O nedenle bugün Dünya “ doğruluk, eşitlik, namustan” bahseden diktatörler tarafından yönetiliyor… Küçük düzeyli ya da yüksek ölçekli başarılar hep bu konuşmaların üstüne kuruluyor. Bin kere yazdım bin kere daha yazarım en sevmediğim insan profilidir…

“HIRSLI, KENDİNİ GÖSTERMEYE ÇALIŞAN, GÜÇLÜ SAYDIĞININ YANINA ÇÖREKLENEN, ÜST’ÜNE YALAKALIK YAPAN, AST’INI EZEN, BAŞKASININ PARASI VE KUDRETİ İLE GERDEĞE GİREN HANIMEFENDİ GÖRÜNTÜLÜ PESPAYELER VE BEYEFENDİ GÖRÜNTÜLÜ ŞEREFSİZLER”

Nitekim onlarda beni sevmezler zaten… Onlara bir şey demesem de onlar bana bakarken bu fikrimi gözüm onlara söyler… Başarı hırs mı gerektirir, şans mı bilmiyorum… Satranç akıl oyunuysa da, ben içinde zar olan tavlaya meraklıyım… Şans ’a inanırım…  Bazı insanlar kendileri bile inanamazlar bulundukları noktaya… Ondandır sürekli kendilerini gösterme ve oldukları şeyi ispat etme çabaları…

Oysa aydınlanmak gerekir… Dimi abiler, ablalar… Varılmak istenen mutlu sondur aydınlanmak.

Meselenin özünü, su katılmamış ve su katılmış gerçeklerini görmektir.
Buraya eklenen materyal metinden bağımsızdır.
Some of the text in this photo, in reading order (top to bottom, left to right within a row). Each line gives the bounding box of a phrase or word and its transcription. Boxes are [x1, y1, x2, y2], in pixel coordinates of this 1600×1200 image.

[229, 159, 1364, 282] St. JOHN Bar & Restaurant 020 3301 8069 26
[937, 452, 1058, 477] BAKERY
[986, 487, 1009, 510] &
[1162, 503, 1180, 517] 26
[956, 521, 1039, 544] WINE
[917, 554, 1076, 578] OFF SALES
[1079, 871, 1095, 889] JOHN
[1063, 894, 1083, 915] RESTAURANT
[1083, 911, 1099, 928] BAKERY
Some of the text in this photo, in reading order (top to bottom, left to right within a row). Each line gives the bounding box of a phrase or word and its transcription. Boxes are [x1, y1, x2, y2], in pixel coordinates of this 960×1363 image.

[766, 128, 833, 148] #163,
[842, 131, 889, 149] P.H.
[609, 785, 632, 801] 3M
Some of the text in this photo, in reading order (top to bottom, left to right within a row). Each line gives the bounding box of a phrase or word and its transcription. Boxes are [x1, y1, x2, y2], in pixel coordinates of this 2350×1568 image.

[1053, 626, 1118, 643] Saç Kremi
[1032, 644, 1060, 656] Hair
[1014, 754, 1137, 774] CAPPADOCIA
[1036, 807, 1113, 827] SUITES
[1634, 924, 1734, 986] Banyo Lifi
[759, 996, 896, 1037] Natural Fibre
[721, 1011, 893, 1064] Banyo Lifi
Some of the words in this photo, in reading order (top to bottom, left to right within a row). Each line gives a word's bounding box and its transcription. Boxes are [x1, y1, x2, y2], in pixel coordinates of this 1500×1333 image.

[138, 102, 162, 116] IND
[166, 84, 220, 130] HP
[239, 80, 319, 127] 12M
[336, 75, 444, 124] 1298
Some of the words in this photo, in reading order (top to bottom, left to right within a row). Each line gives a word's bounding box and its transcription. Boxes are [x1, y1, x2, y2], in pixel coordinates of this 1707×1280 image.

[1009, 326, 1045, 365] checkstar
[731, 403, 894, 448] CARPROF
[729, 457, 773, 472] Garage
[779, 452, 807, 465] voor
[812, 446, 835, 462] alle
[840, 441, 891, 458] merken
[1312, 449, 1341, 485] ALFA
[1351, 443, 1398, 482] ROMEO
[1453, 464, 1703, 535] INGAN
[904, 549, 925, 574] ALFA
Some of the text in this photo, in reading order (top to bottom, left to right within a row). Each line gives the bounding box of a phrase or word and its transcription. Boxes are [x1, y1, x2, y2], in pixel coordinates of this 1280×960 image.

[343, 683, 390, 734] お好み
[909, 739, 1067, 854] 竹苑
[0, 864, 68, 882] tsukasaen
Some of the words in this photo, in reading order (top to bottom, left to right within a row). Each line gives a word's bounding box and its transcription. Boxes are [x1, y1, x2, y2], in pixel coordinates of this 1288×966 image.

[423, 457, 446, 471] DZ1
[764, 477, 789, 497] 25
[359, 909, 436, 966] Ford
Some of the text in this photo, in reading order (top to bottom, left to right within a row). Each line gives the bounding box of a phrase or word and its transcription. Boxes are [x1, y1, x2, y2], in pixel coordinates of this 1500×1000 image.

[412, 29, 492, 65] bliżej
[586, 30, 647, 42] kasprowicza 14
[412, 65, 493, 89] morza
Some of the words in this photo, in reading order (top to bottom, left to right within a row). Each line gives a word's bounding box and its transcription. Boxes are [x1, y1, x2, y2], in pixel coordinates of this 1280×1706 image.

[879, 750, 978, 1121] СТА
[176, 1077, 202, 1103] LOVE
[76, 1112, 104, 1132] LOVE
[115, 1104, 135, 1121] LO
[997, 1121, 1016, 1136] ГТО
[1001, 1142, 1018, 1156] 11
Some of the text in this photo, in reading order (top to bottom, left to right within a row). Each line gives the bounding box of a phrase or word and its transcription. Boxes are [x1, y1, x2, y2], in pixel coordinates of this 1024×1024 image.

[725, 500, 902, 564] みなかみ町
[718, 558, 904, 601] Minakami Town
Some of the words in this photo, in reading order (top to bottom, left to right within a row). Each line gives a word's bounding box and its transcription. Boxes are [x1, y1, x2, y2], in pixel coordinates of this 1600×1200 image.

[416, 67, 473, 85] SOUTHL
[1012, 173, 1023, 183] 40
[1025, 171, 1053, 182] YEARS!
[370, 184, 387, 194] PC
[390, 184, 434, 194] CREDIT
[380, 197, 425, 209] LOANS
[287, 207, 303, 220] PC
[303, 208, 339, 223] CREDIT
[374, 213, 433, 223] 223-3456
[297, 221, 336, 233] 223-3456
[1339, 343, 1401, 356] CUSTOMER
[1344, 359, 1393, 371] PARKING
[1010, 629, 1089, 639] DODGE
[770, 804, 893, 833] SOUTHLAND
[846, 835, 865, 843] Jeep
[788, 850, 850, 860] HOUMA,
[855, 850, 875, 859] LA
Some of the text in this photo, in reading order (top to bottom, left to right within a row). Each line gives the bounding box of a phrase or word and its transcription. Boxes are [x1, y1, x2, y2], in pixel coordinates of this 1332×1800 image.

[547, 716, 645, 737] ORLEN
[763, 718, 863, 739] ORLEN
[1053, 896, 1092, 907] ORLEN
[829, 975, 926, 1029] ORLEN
Düşünme ile birlikte gelişen bir yetidir aydınlanmak. Fikir üretmek için gerekli harcı oluşturmanın neticesidir.

Bireysel veya belli bir kesime hitap eden fikirler aydınlanmış fikirler olamaz. Parlak denebilecek düşünceler ancak ve ancak somut olarak insanı temel alıp, toplum çıkarını gözettiği zaman aydınlanmış fikirler olur.

Soyut veyahut ticari arzuları temel alan, bir yandan insanlığa faydalı olarak görünüp, diğer yandan başta kendi ülkesine ve Dünya’ya zarar veren, hiç fark ettirmeden sadece bir kişinin huzur ve refahı için ortaya atılabilecek fikirler aydınlanmış fikirler olamaz.

Aydınlanmak, haksız-yanlış fikri savunmak değildir.  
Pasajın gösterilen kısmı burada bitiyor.